- **Records for this task**
"""

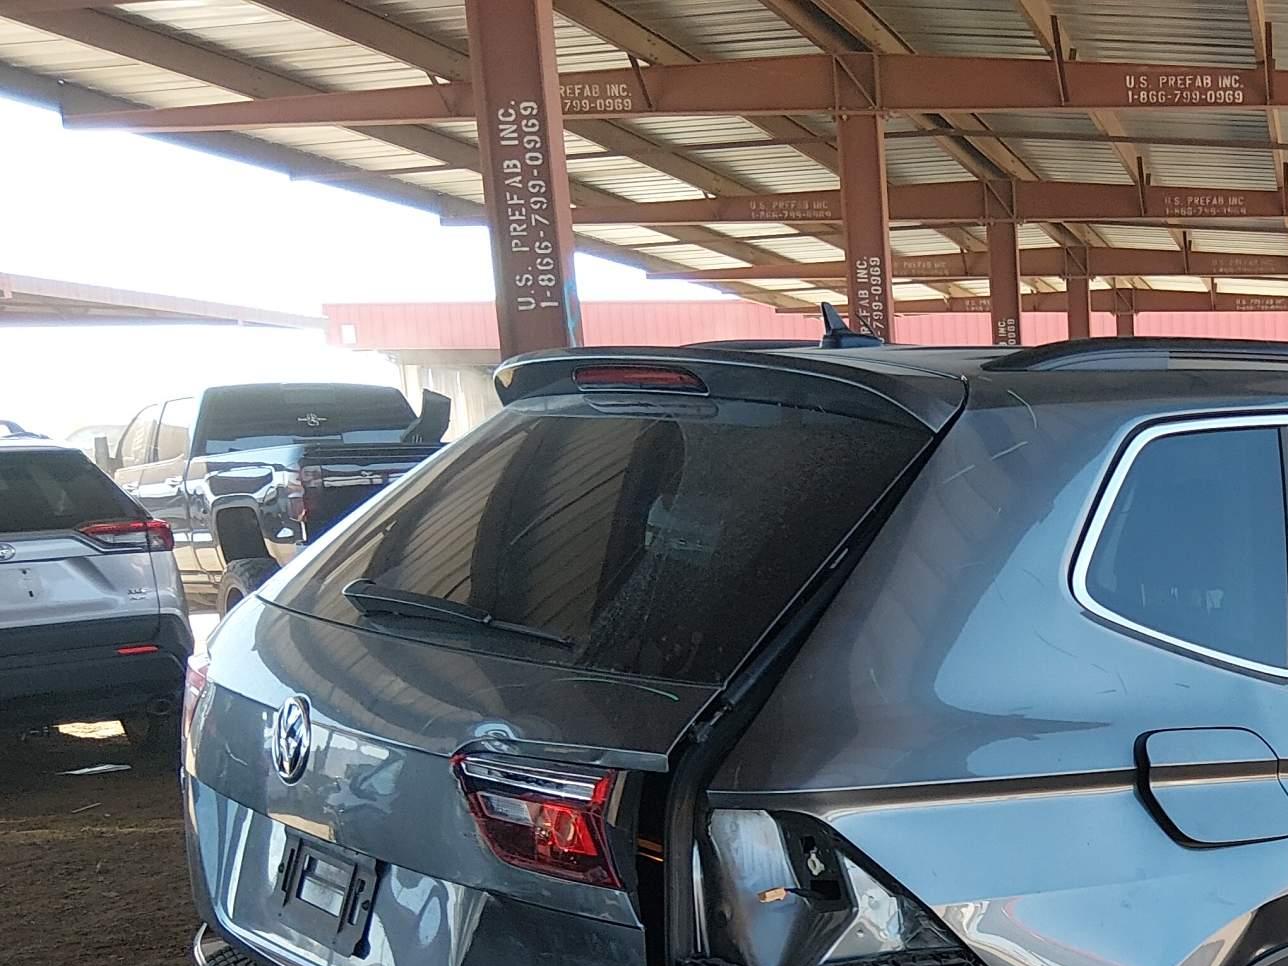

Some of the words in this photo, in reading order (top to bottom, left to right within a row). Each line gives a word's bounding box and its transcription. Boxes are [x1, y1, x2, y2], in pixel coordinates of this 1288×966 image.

[607, 84, 632, 97] INC.
[1126, 75, 1152, 88] U.S.
[1160, 75, 1212, 88] PREFAB
[1218, 75, 1244, 88] INC.
[1127, 90, 1243, 103] 1-866-799-0969
[498, 100, 519, 146] INC.
[503, 159, 530, 252] PREFAB
[519, 101, 559, 308] 1-866-799-0969
[856, 256, 869, 282] INC.
[515, 266, 536, 311] U.S.

"""

- **Task details**
Every record above should come back exactly, but without its pictures.

- **Your solution**
Some of the words in this photo, in reading order (top to bottom, left to right within a row). Each line gives a word's bounding box and its transcription. Boxes are [x1, y1, x2, y2], in pixel coordinates of this 1288×966 image.

[607, 84, 632, 97] INC.
[1126, 75, 1152, 88] U.S.
[1160, 75, 1212, 88] PREFAB
[1218, 75, 1244, 88] INC.
[1127, 90, 1243, 103] 1-866-799-0969
[498, 100, 519, 146] INC.
[503, 159, 530, 252] PREFAB
[519, 101, 559, 308] 1-866-799-0969
[856, 256, 869, 282] INC.
[515, 266, 536, 311] U.S.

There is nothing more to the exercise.